_Work required:_ Up to and including the final line, please copy every line exactly, starting from the one that contains "this 1920×1440 image." in the material below.

☆ ☆ ☆ ☆

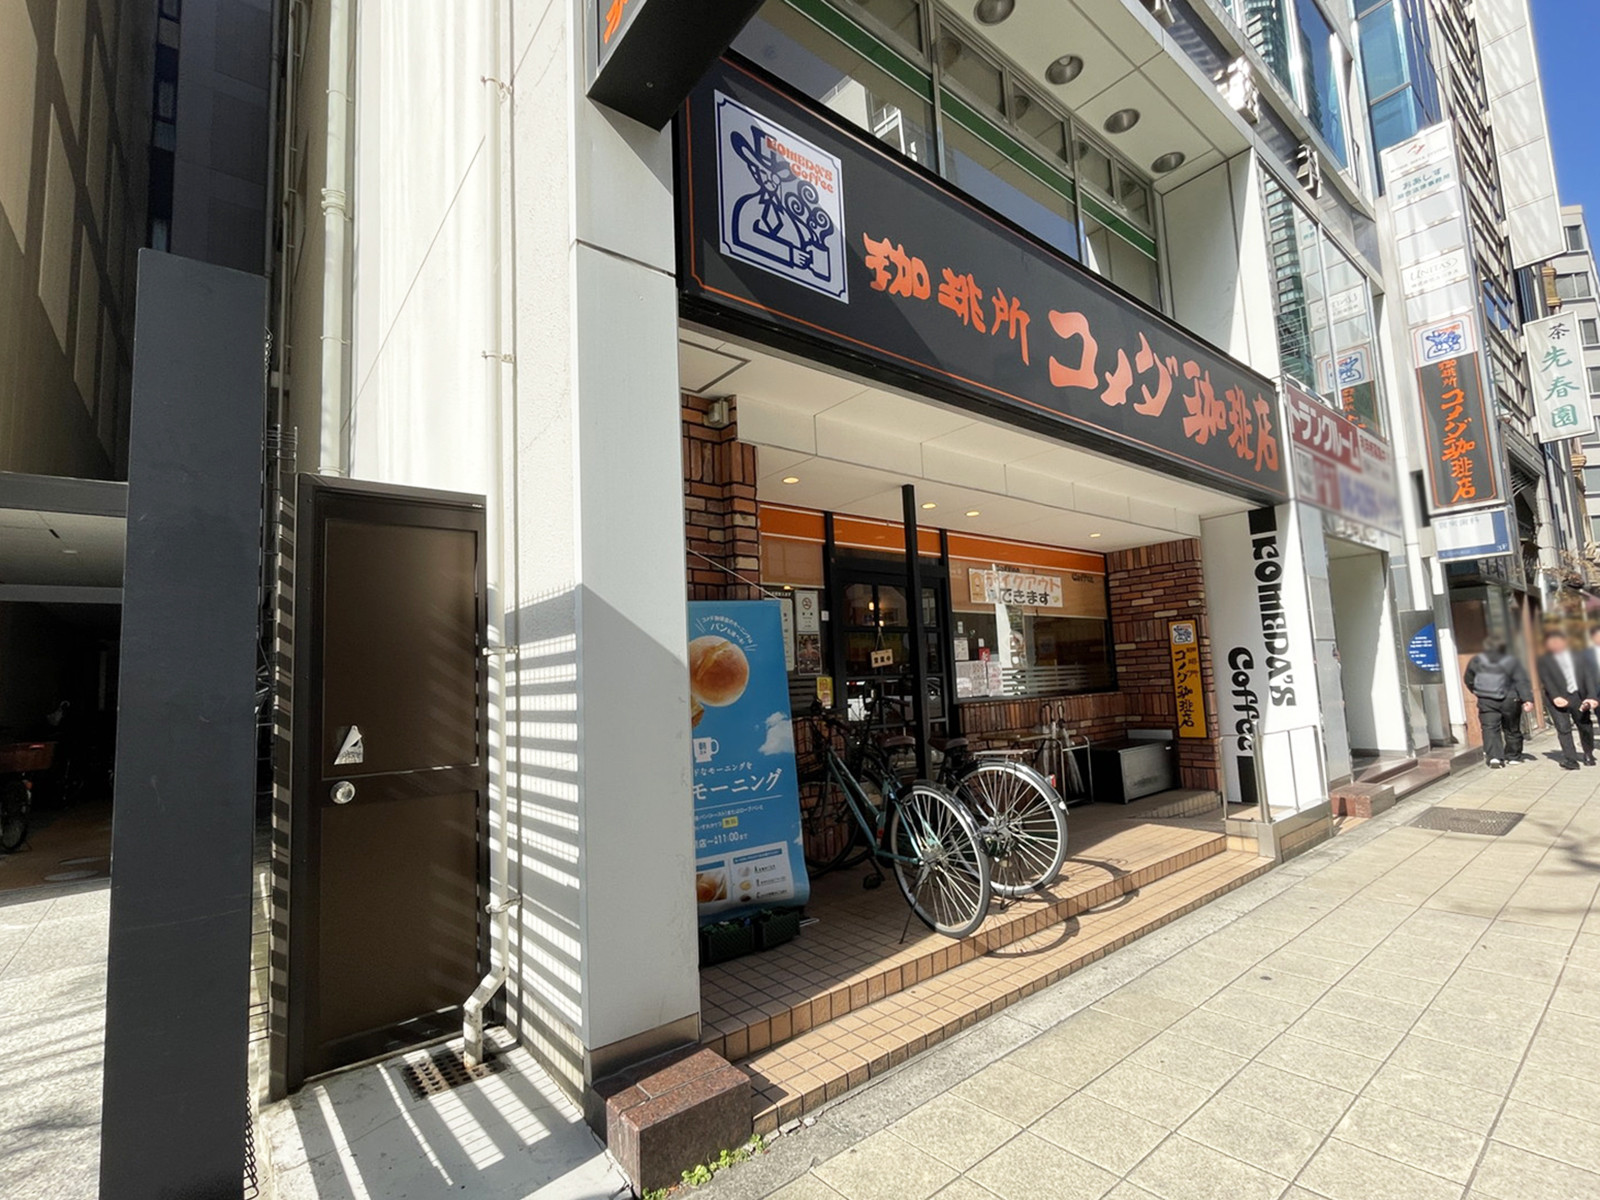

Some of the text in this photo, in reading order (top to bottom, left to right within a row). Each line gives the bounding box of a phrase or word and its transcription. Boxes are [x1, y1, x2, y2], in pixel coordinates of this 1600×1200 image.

[790, 163, 834, 194] Coffee
[1048, 309, 1279, 473] コメダ珈琲店
[1000, 588, 1050, 605] できます
[1251, 535, 1297, 708] KOMEDA'S
[1227, 646, 1261, 753] Coffee
[692, 768, 782, 800] モーニング
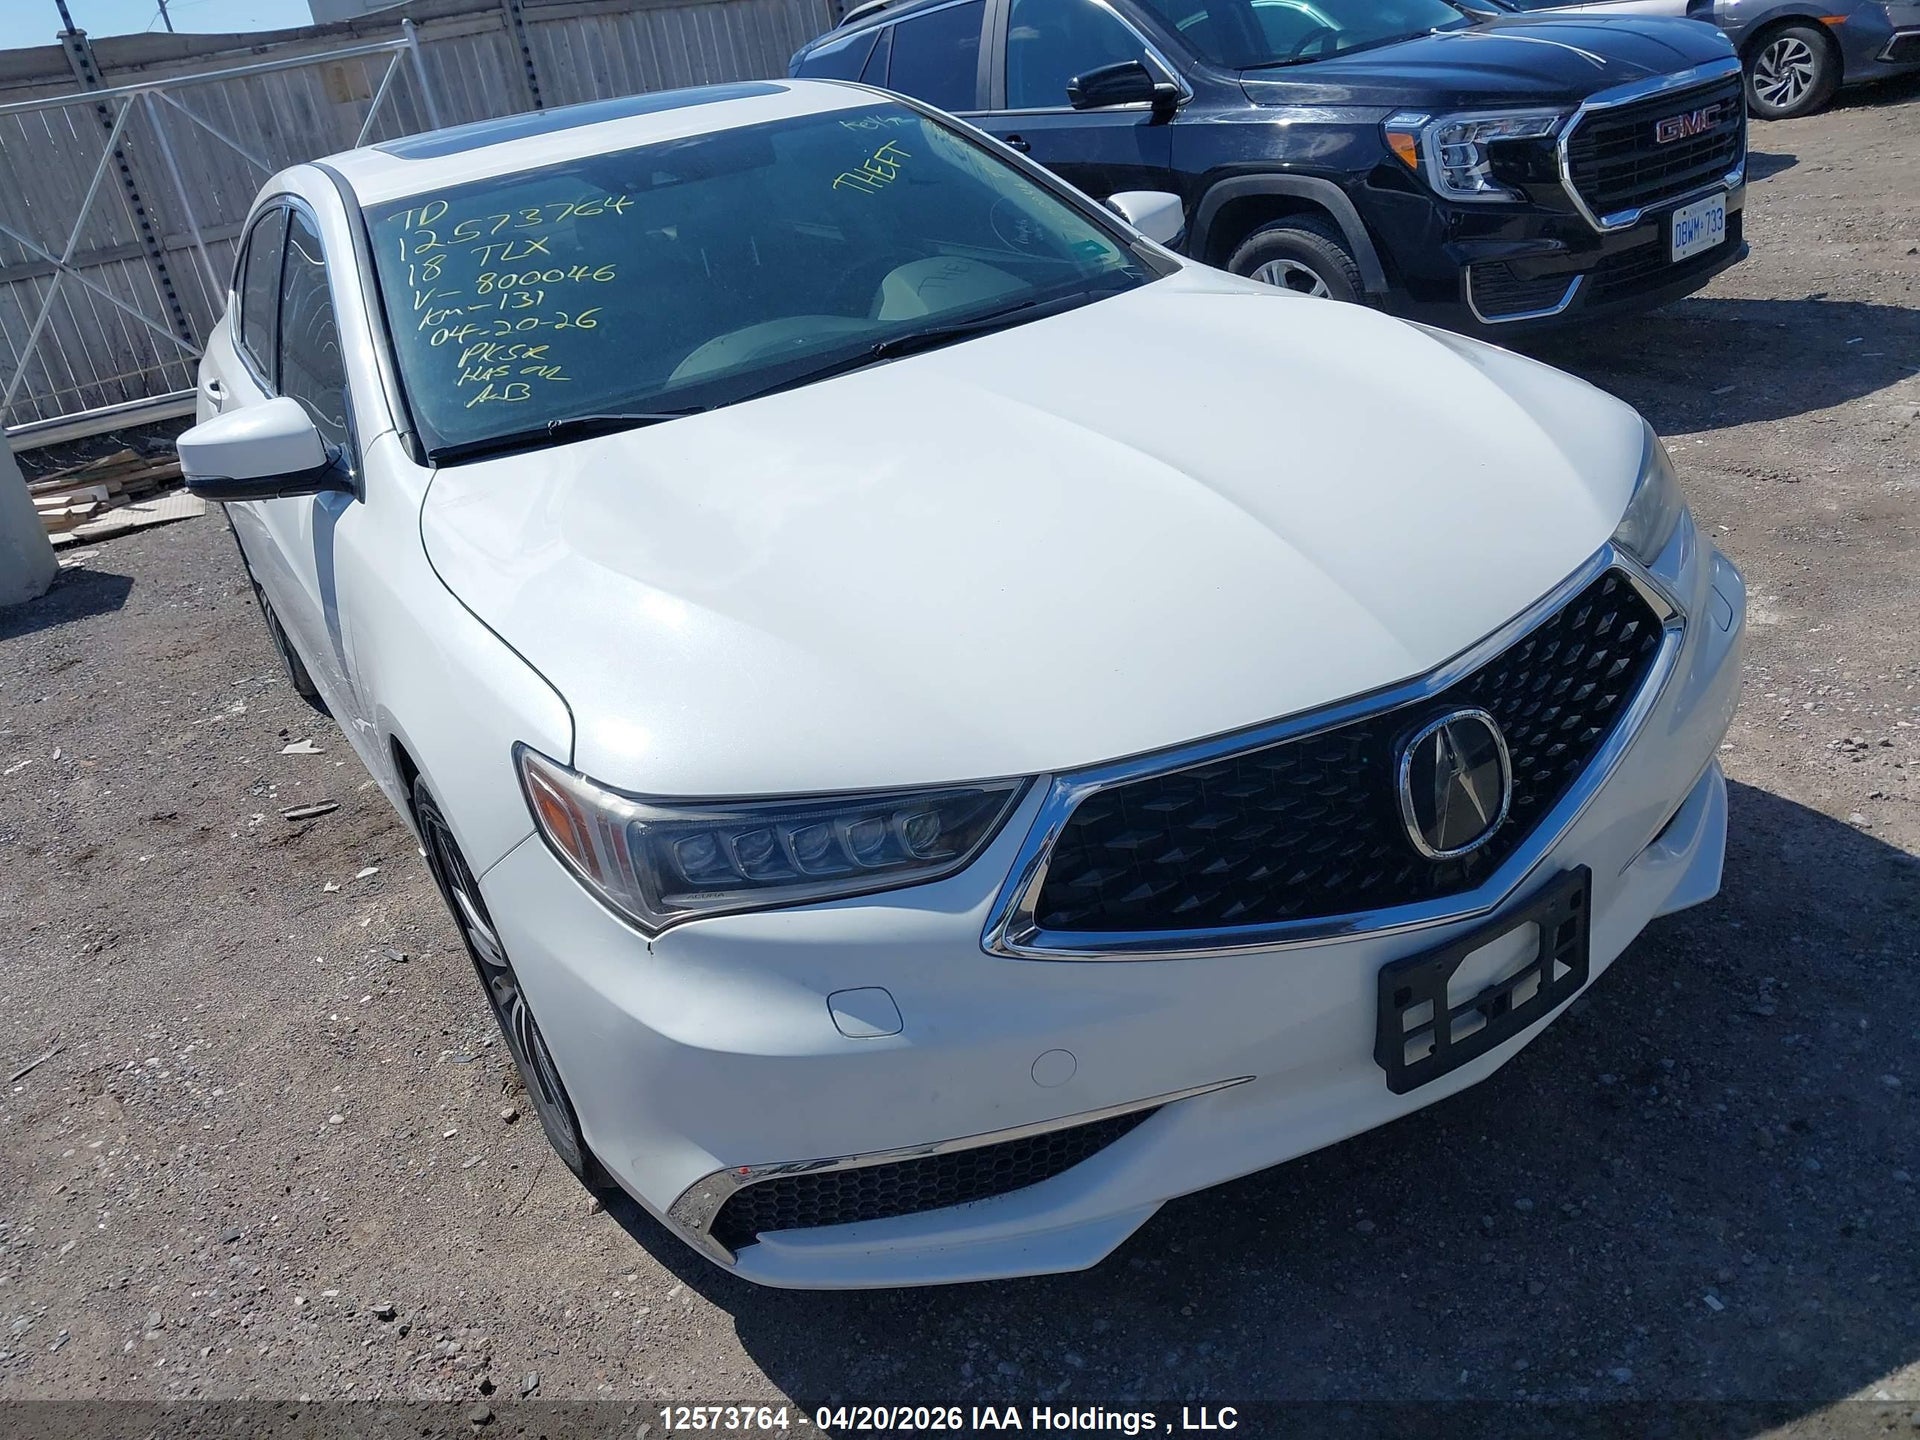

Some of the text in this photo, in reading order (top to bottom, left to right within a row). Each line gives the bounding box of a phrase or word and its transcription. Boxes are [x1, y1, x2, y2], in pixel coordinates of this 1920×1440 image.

[1656, 104, 1721, 143] GMC
[833, 140, 911, 194] THEFT
[388, 200, 448, 230] TD
[399, 195, 634, 262] 12573764
[409, 237, 551, 287] 18 TLX
[475, 264, 616, 295] 800046

☆ ☆ ☆ ☆

_Result for this task:_
Some of the text in this photo, in reading order (top to bottom, left to right within a row). Each line gives the bounding box of a phrase or word and its transcription. Boxes are [x1, y1, x2, y2], in pixel coordinates of this 1920×1440 image.

[1656, 104, 1721, 143] GMC
[833, 140, 911, 194] THEFT
[388, 200, 448, 230] TD
[399, 195, 634, 262] 12573764
[409, 237, 551, 287] 18 TLX
[475, 264, 616, 295] 800046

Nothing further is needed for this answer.